Colloquium

Using Sentinel-1/2 data , supplemented with Landsat, for detection and classification of cover crops in the Netherlands, and to estimate their growth duration

Organised by Laboratory of Geo-information Science and Remote Sensing
Date

Wed 25 May 2022 09:00 to 09:30

Venue Gaia, building number 101
Droevendaalsesteeg 3
101
6708 PB Wageningen
+31 (0) 317 - 48 17 00
Room 1

By Harm van Dinther

Abstract
In my thesis, I researched monitoring cover crops in the Netherland using satellite imagery. The research questions originate from Cosun Beet Company (CBC), the largest beet processor in the Netherlands. This cooperation is interested in knowing more about cover crop growth before the beet production of their farmers. Cover crops are non-commercial crops seeded between two main crops. The crops cover the soil during winter, which gives multiple advantages to the soil and the environment. The first part of the study contains a time-series analysis using an algorithm created by Wageningen Environmental Research (WENR). During this thesis, this code is improved and expanded. Using the NDVI of Sentinel-2 and Landsat-7/8, the algorithm detects cover crops using a threshold during a set period in the winter. The results are validated with the use of data from CBC, which resulted in an overall accuracy of 80.3, 83.5, and 85% for three winters (2017-18, 2018-19, and 2019-20). Next, the start and end times of cover crops are estimated by the algorithm, wherefrom the cover crop’s duration can be derived. The start time is estimated by the NDVI, and the end time is estimated by both the NDVI and coherence. The coherence, derived from Sentinel-1, is the amount of similarity between two consecutive radar images and can therefore give insight into the field's structure changes. Due to a lack of ground-truth data, the resulting time estimations could not be validated with actual start and end times. Instead, validation is applied by using visual analysis of the time series, wherefrom we could conclude that the algorithm performs reasonably well in estimating the beginning and end dates of cover crops. Besides the time-series analysis, also machine learning is applied for the winter of 2018-19 in the form of Random Forest. Binary classification into fields with cover crops and bare soil resulted in an overall accuracy of 81.5%. Multiclass classification into the cover crop types fodder radish, yellow mustard, grasses, Japanese oats, rye, and the class ‘other’ is executed and achieved a maximum overall accuracy of 52.5%.

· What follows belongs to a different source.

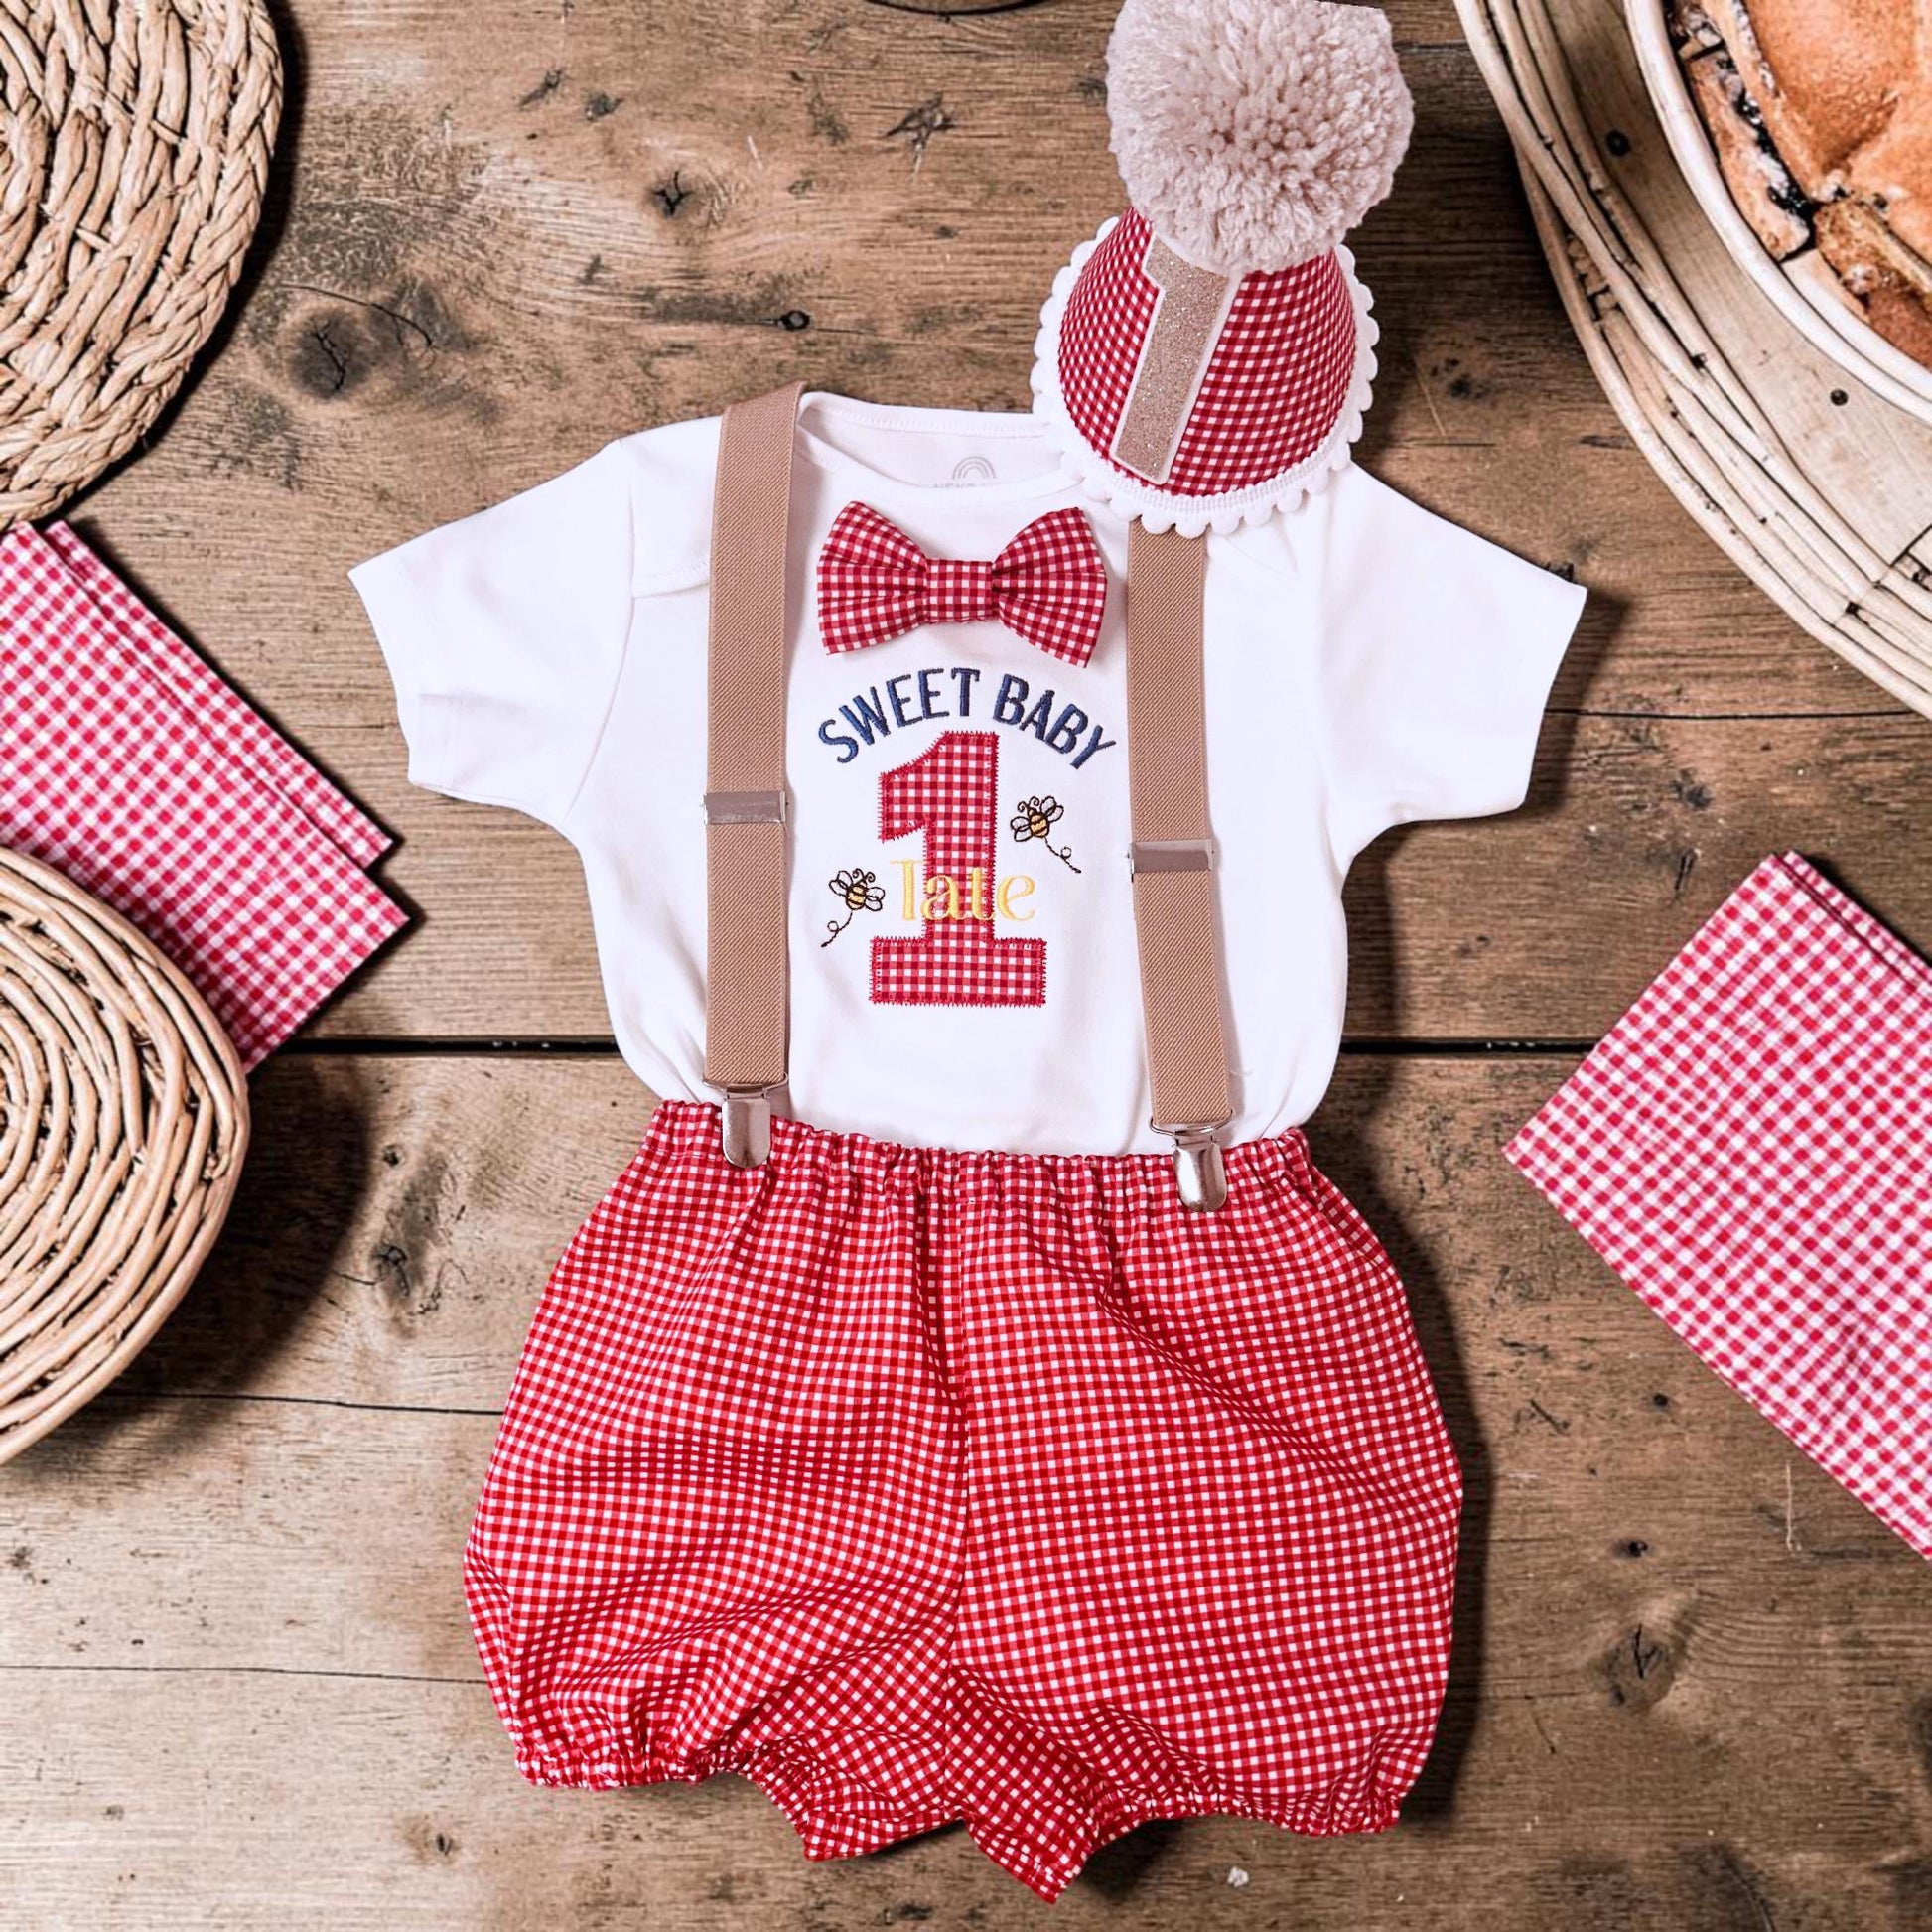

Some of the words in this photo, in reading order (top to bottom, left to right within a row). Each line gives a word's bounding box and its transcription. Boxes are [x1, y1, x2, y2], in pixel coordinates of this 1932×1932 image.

One of the main difficulties during the research was the limited amount of optical imagery. In winter, cloud formation is generally high. This results in less datapoint on the time series and limited input data for the machine learning. For follow-up research, the estimations of the start and end times should be compared with collected ground-truth data to get a better conclusion about the algorithm's performance in estimating the start and end of cover crops.